(Stored data entries)
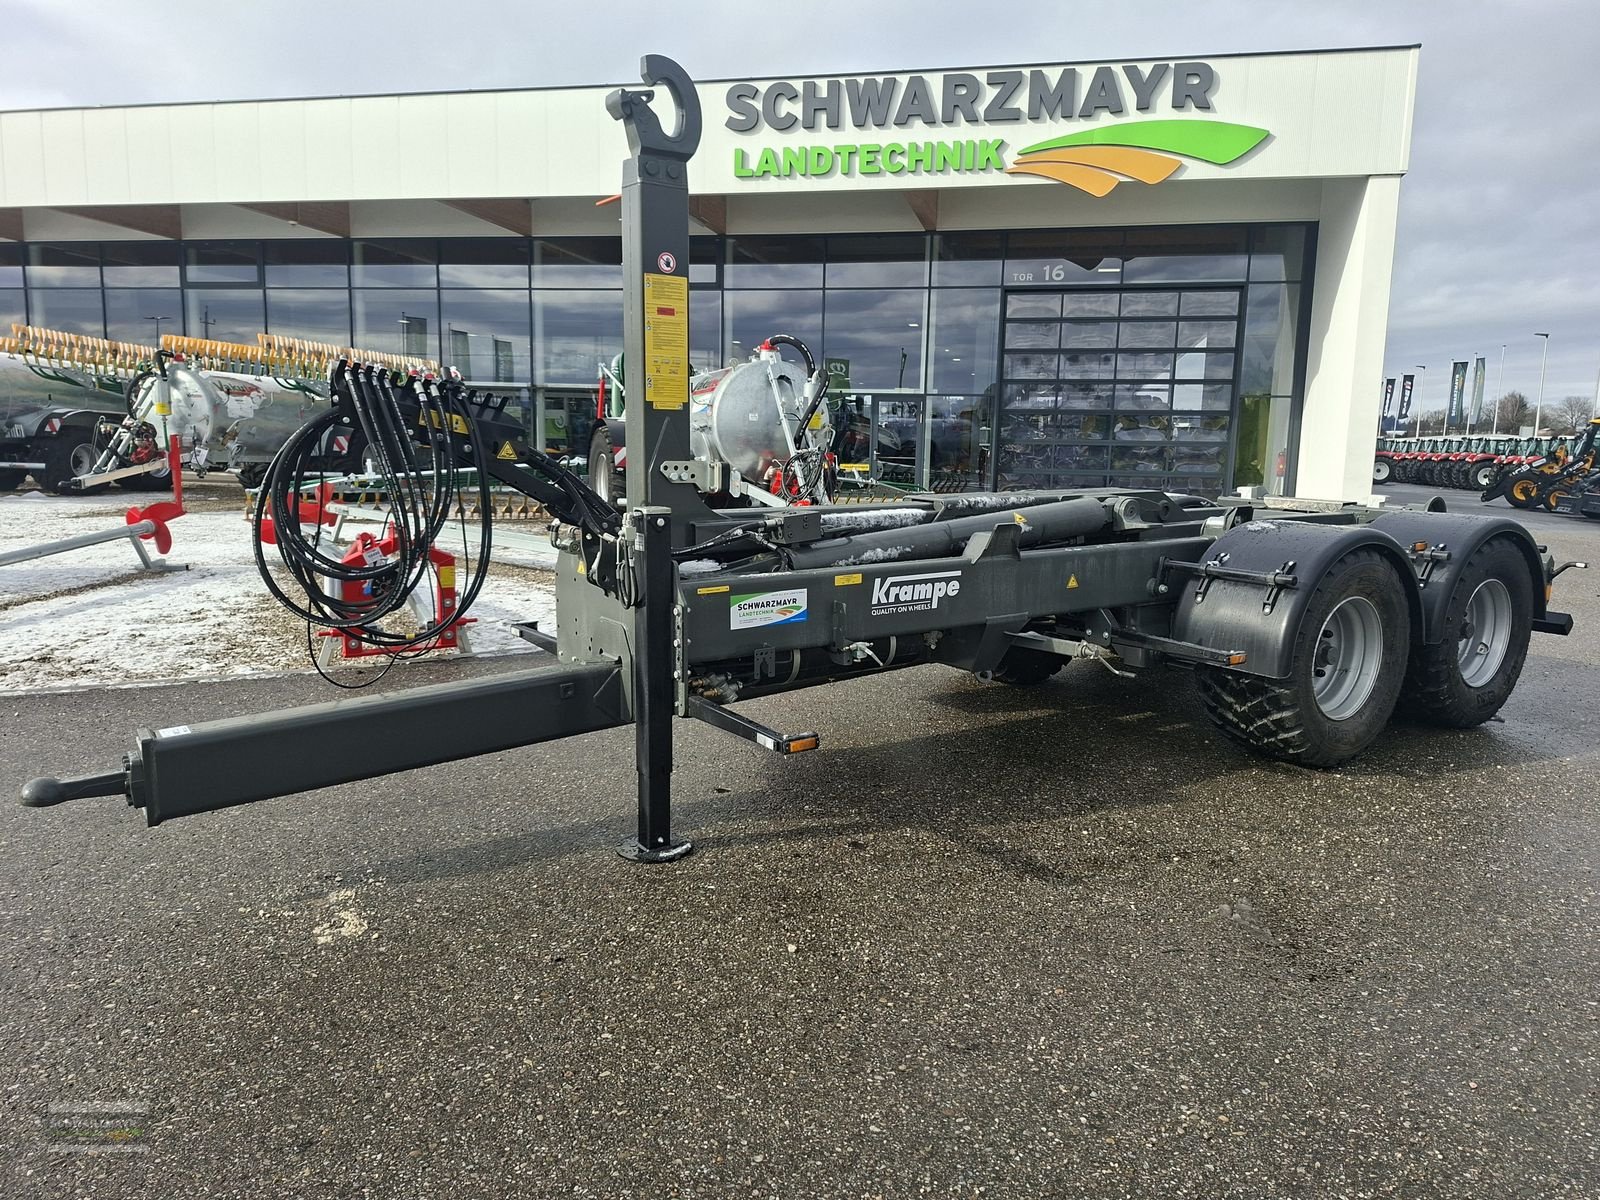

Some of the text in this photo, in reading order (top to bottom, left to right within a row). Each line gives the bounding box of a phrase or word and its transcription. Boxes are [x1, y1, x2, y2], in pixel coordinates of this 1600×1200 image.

[725, 61, 1215, 132] SCHWARZMAYR
[734, 139, 1004, 178] LANDTECHNIK
[1012, 264, 1065, 282] TOR 16
[871, 570, 962, 609] Krampe
[737, 597, 798, 611] SCHWARZMAYR
[871, 607, 897, 616] QUALITY
[738, 609, 774, 618] LANDTECHNIK

§ **YOUR OBJECTIVE**: Once the pictures are removed, repeat all of the data above exactly.

§ **REPLY**:
Some of the text in this photo, in reading order (top to bottom, left to right within a row). Each line gives the bounding box of a phrase or word and its transcription. Boxes are [x1, y1, x2, y2], in pixel coordinates of this 1600×1200 image.

[725, 61, 1215, 132] SCHWARZMAYR
[734, 139, 1004, 178] LANDTECHNIK
[1012, 264, 1065, 282] TOR 16
[871, 570, 962, 609] Krampe
[737, 597, 798, 611] SCHWARZMAYR
[871, 607, 897, 616] QUALITY
[738, 609, 774, 618] LANDTECHNIK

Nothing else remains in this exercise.